I’m sorry that you’ve had problems and things have been difficult for you in your dealings with the NHS. We support the current guidelines which and we also realise the need for a sensitive and inclusive approach when dealing with the issues that arise amongst the transgender community. If there are postcode lotteries or a lack of services in a particular area that is something I will get my Shadow Health Secretary Andrew Lansley and his team to look at.

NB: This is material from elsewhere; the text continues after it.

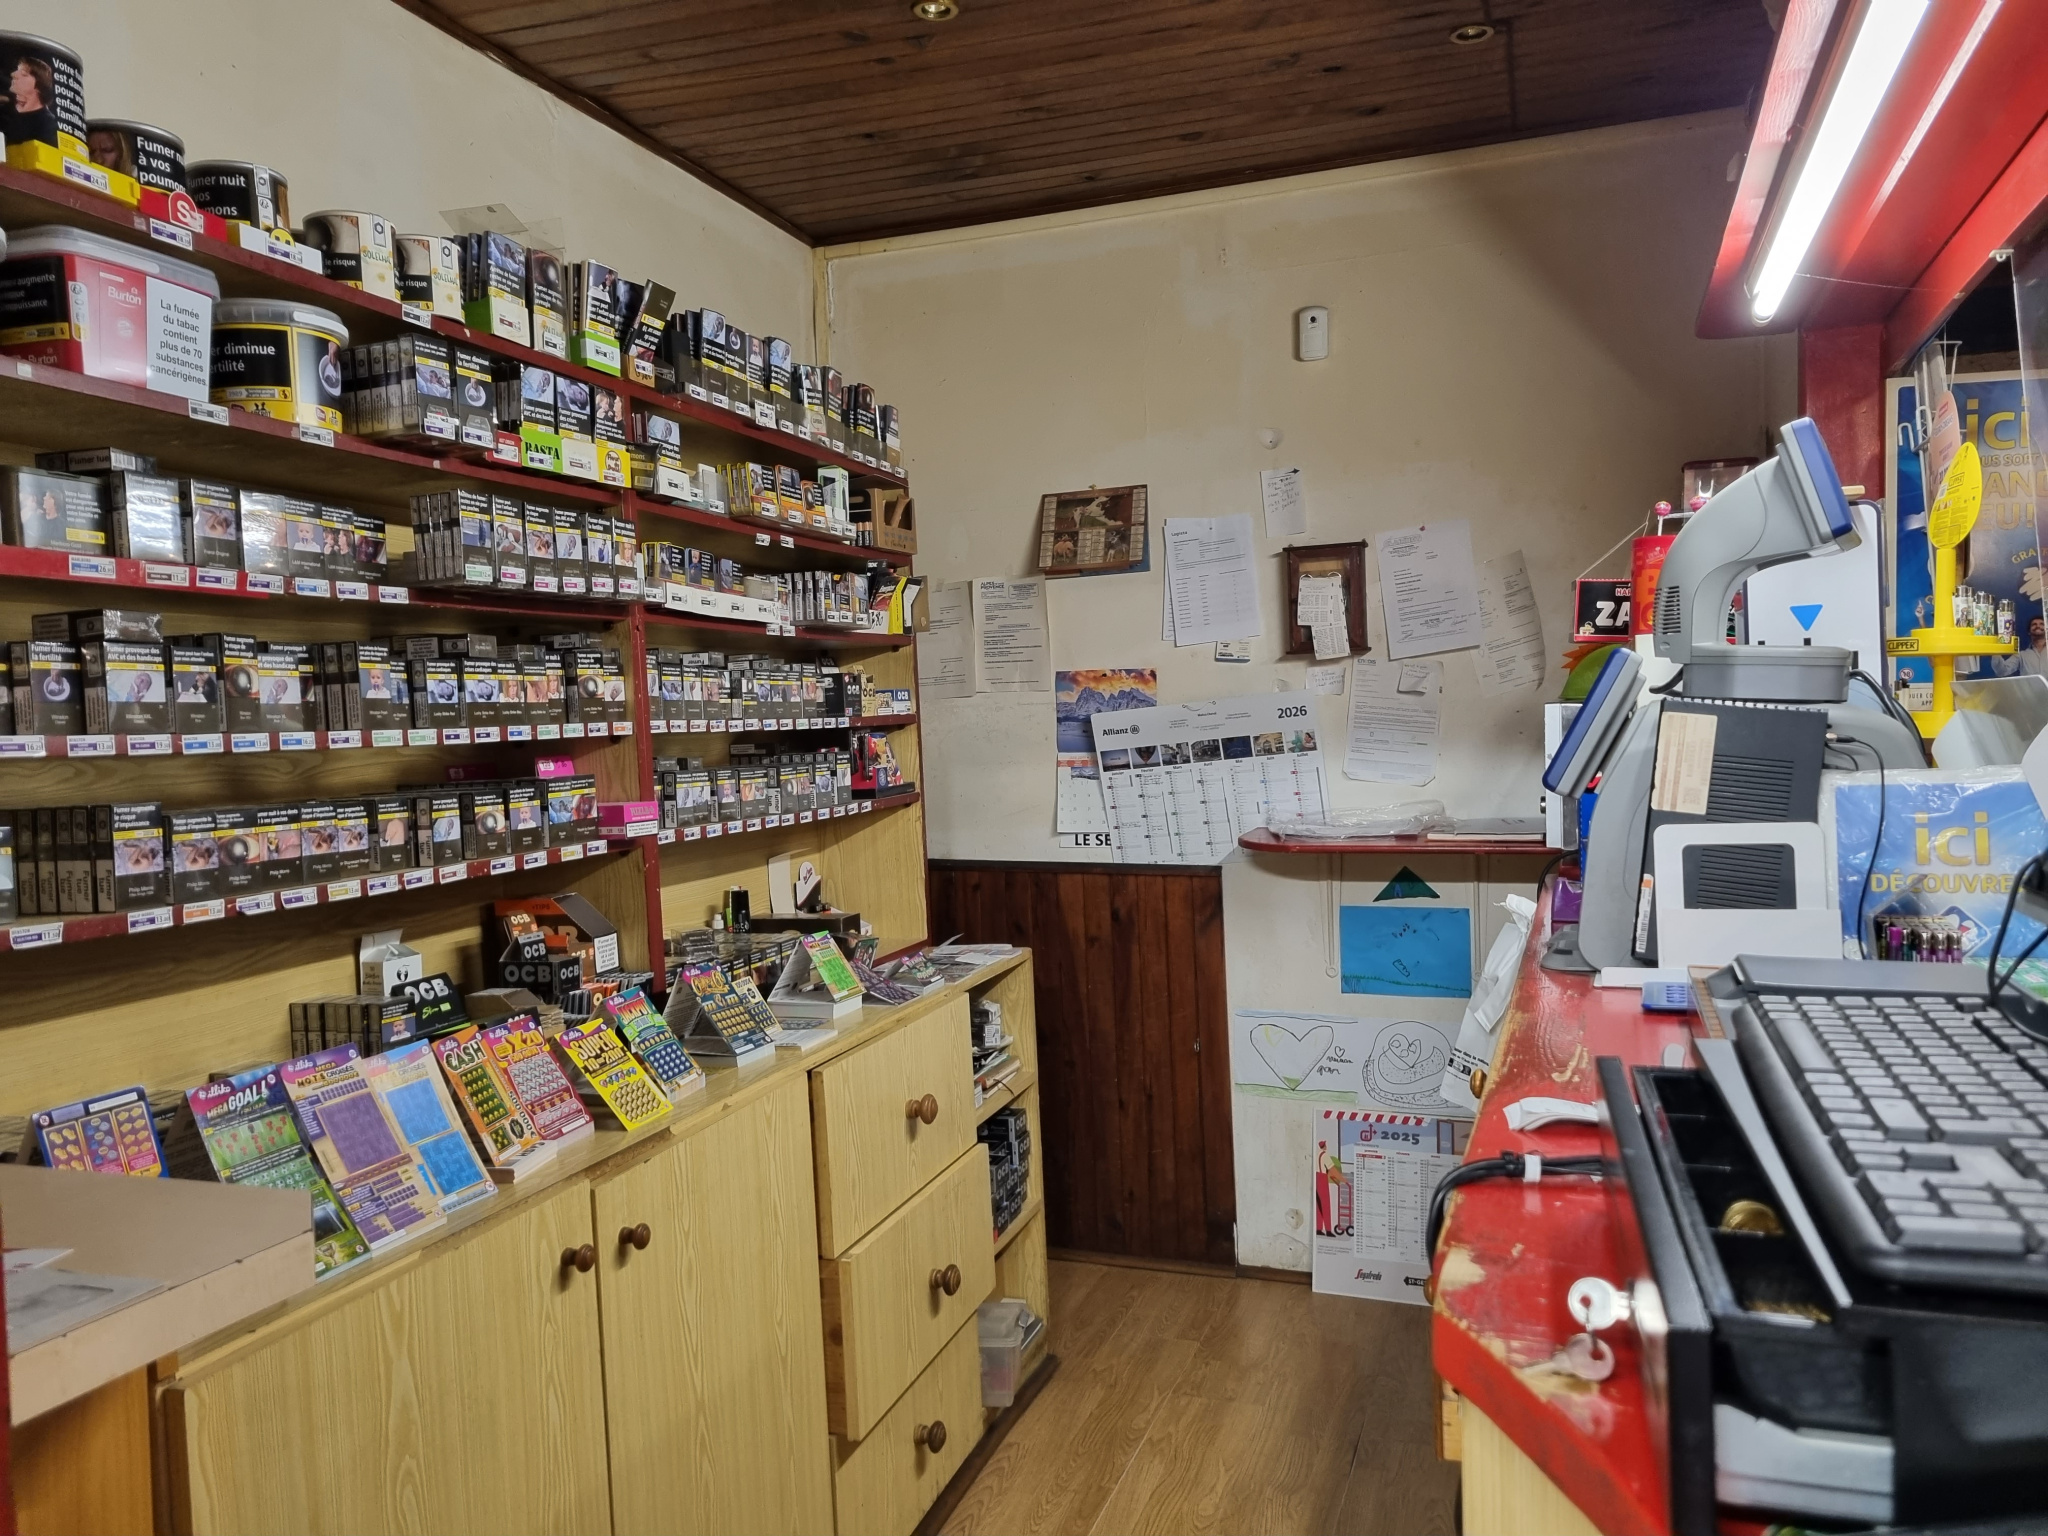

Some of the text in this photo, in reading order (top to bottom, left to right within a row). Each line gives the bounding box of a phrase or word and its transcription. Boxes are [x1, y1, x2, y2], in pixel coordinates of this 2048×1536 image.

10. What efforts will Mr Cameron make, together with the Conservative MEPS, to ensure that the British civil partnerships are mutually recognised in the EU and does he intend to promote legal recognition of gay relationships abroad? Ben Hepworth
The first thing we need to remember is that in the EU, discrimination based on sexual orientation is prohibited in the Treaty of the European Community, so when countries join the EU, they are required to adhere to these laws. There’s a real power of transformation within the EU and within the policy of expansion, and that’s something we’ve got to encourage. Of course, there’s more to do and further to go. I don’t think we should get to a situation where the European Parliament is dictating social legislation to every single member state, but I do think we can make a real difference by working with other parties in Europe to change attitudes and make clear that equality matters, and should apply no matter what your sexuality or race or belief.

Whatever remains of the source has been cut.